[Record set — start]

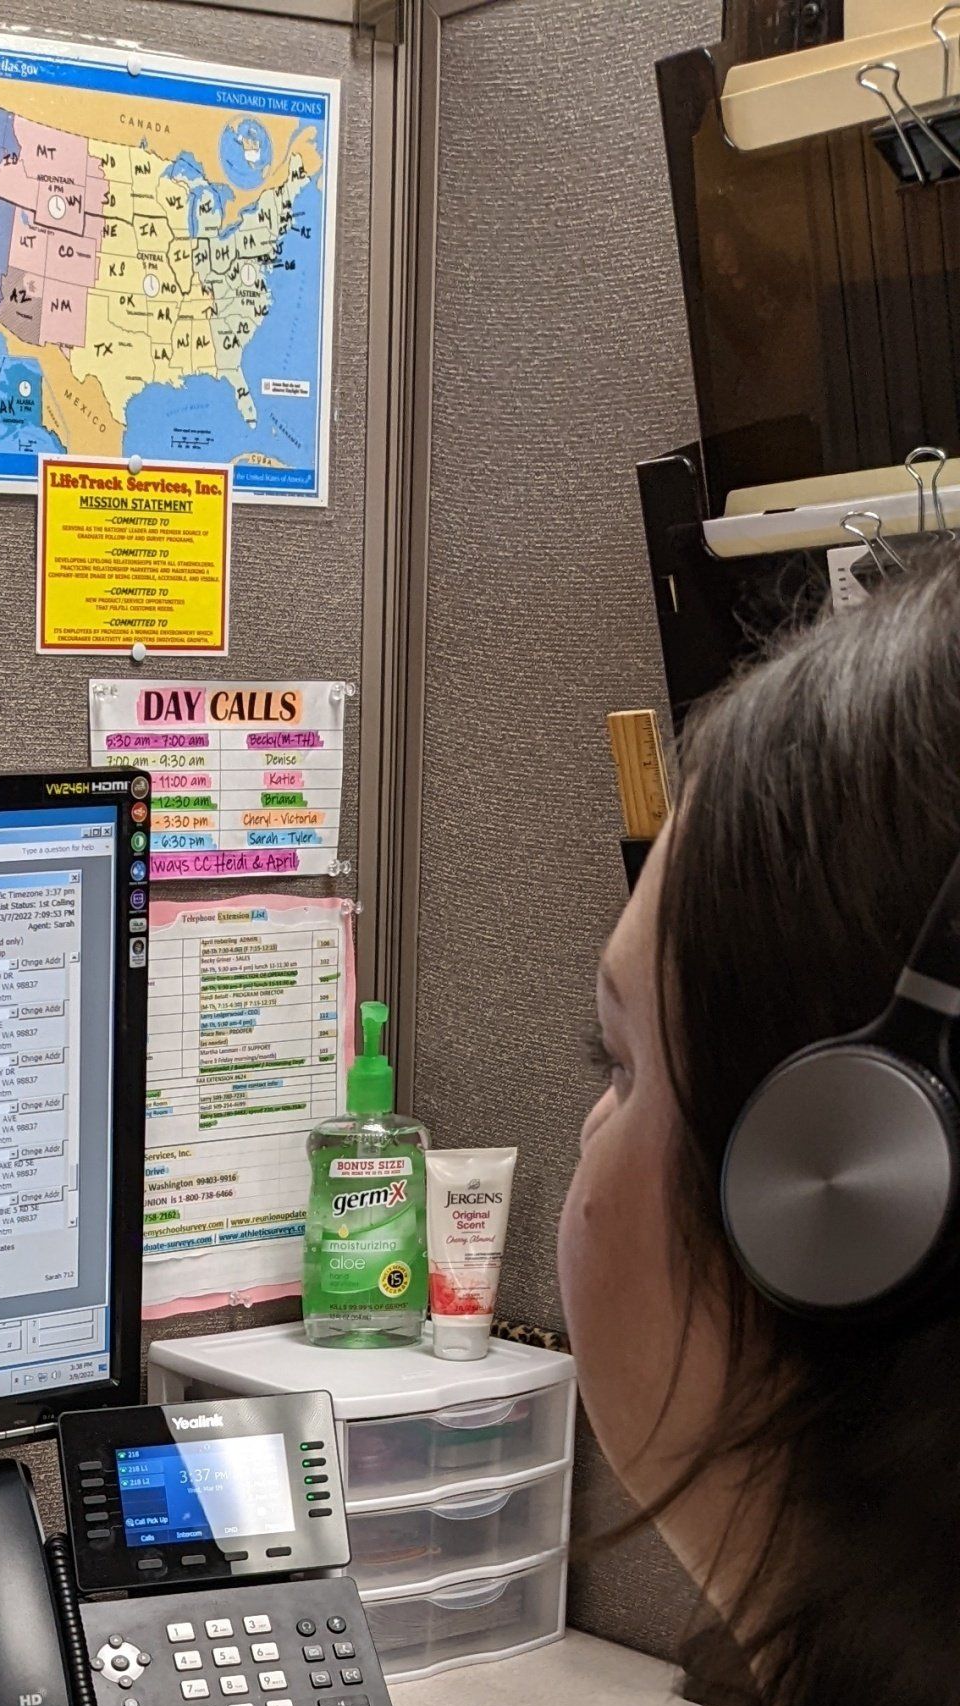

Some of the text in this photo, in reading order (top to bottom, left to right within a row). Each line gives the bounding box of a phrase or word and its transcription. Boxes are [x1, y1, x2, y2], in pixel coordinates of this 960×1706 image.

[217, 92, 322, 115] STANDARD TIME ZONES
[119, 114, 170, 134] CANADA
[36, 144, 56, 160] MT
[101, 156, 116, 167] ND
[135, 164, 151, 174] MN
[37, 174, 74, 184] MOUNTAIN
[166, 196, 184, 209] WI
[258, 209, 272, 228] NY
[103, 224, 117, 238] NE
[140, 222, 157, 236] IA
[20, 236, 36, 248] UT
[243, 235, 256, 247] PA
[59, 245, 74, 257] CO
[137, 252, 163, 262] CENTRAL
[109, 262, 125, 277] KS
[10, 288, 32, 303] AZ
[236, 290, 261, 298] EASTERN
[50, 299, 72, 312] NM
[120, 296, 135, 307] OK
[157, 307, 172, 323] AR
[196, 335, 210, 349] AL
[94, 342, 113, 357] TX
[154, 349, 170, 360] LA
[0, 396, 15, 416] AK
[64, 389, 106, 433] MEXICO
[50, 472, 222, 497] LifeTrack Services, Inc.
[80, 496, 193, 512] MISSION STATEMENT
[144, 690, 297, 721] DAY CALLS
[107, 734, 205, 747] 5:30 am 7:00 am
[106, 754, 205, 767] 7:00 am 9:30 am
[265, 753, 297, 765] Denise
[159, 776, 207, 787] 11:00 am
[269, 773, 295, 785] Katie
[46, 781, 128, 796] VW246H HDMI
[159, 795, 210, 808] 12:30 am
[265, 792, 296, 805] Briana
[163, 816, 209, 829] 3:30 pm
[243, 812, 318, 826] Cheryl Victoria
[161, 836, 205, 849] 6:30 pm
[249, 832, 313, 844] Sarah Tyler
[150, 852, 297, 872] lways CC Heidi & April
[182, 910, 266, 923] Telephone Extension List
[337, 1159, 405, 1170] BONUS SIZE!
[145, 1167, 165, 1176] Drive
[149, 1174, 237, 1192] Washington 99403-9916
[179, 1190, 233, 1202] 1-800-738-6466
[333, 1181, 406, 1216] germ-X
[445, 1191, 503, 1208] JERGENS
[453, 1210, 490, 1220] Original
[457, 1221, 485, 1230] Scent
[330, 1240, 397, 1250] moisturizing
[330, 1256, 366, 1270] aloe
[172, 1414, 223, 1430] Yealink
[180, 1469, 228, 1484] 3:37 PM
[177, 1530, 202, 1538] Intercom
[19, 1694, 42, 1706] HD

[Record set — finish]

Print the entries above exactly, taking out only the pictures.

--- Completed task ---
Some of the text in this photo, in reading order (top to bottom, left to right within a row). Each line gives the bounding box of a phrase or word and its transcription. Boxes are [x1, y1, x2, y2], in pixel coordinates of this 960×1706 image.

[217, 92, 322, 115] STANDARD TIME ZONES
[119, 114, 170, 134] CANADA
[36, 144, 56, 160] MT
[101, 156, 116, 167] ND
[135, 164, 151, 174] MN
[37, 174, 74, 184] MOUNTAIN
[166, 196, 184, 209] WI
[258, 209, 272, 228] NY
[103, 224, 117, 238] NE
[140, 222, 157, 236] IA
[20, 236, 36, 248] UT
[243, 235, 256, 247] PA
[59, 245, 74, 257] CO
[137, 252, 163, 262] CENTRAL
[109, 262, 125, 277] KS
[10, 288, 32, 303] AZ
[236, 290, 261, 298] EASTERN
[50, 299, 72, 312] NM
[120, 296, 135, 307] OK
[157, 307, 172, 323] AR
[196, 335, 210, 349] AL
[94, 342, 113, 357] TX
[154, 349, 170, 360] LA
[0, 396, 15, 416] AK
[64, 389, 106, 433] MEXICO
[50, 472, 222, 497] LifeTrack Services, Inc.
[80, 496, 193, 512] MISSION STATEMENT
[144, 690, 297, 721] DAY CALLS
[107, 734, 205, 747] 5:30 am 7:00 am
[106, 754, 205, 767] 7:00 am 9:30 am
[265, 753, 297, 765] Denise
[159, 776, 207, 787] 11:00 am
[269, 773, 295, 785] Katie
[46, 781, 128, 796] VW246H HDMI
[159, 795, 210, 808] 12:30 am
[265, 792, 296, 805] Briana
[163, 816, 209, 829] 3:30 pm
[243, 812, 318, 826] Cheryl Victoria
[161, 836, 205, 849] 6:30 pm
[249, 832, 313, 844] Sarah Tyler
[150, 852, 297, 872] lways CC Heidi & April
[182, 910, 266, 923] Telephone Extension List
[337, 1159, 405, 1170] BONUS SIZE!
[145, 1167, 165, 1176] Drive
[149, 1174, 237, 1192] Washington 99403-9916
[179, 1190, 233, 1202] 1-800-738-6466
[333, 1181, 406, 1216] germ-X
[445, 1191, 503, 1208] JERGENS
[453, 1210, 490, 1220] Original
[457, 1221, 485, 1230] Scent
[330, 1240, 397, 1250] moisturizing
[330, 1256, 366, 1270] aloe
[172, 1414, 223, 1430] Yealink
[180, 1469, 228, 1484] 3:37 PM
[177, 1530, 202, 1538] Intercom
[19, 1694, 42, 1706] HD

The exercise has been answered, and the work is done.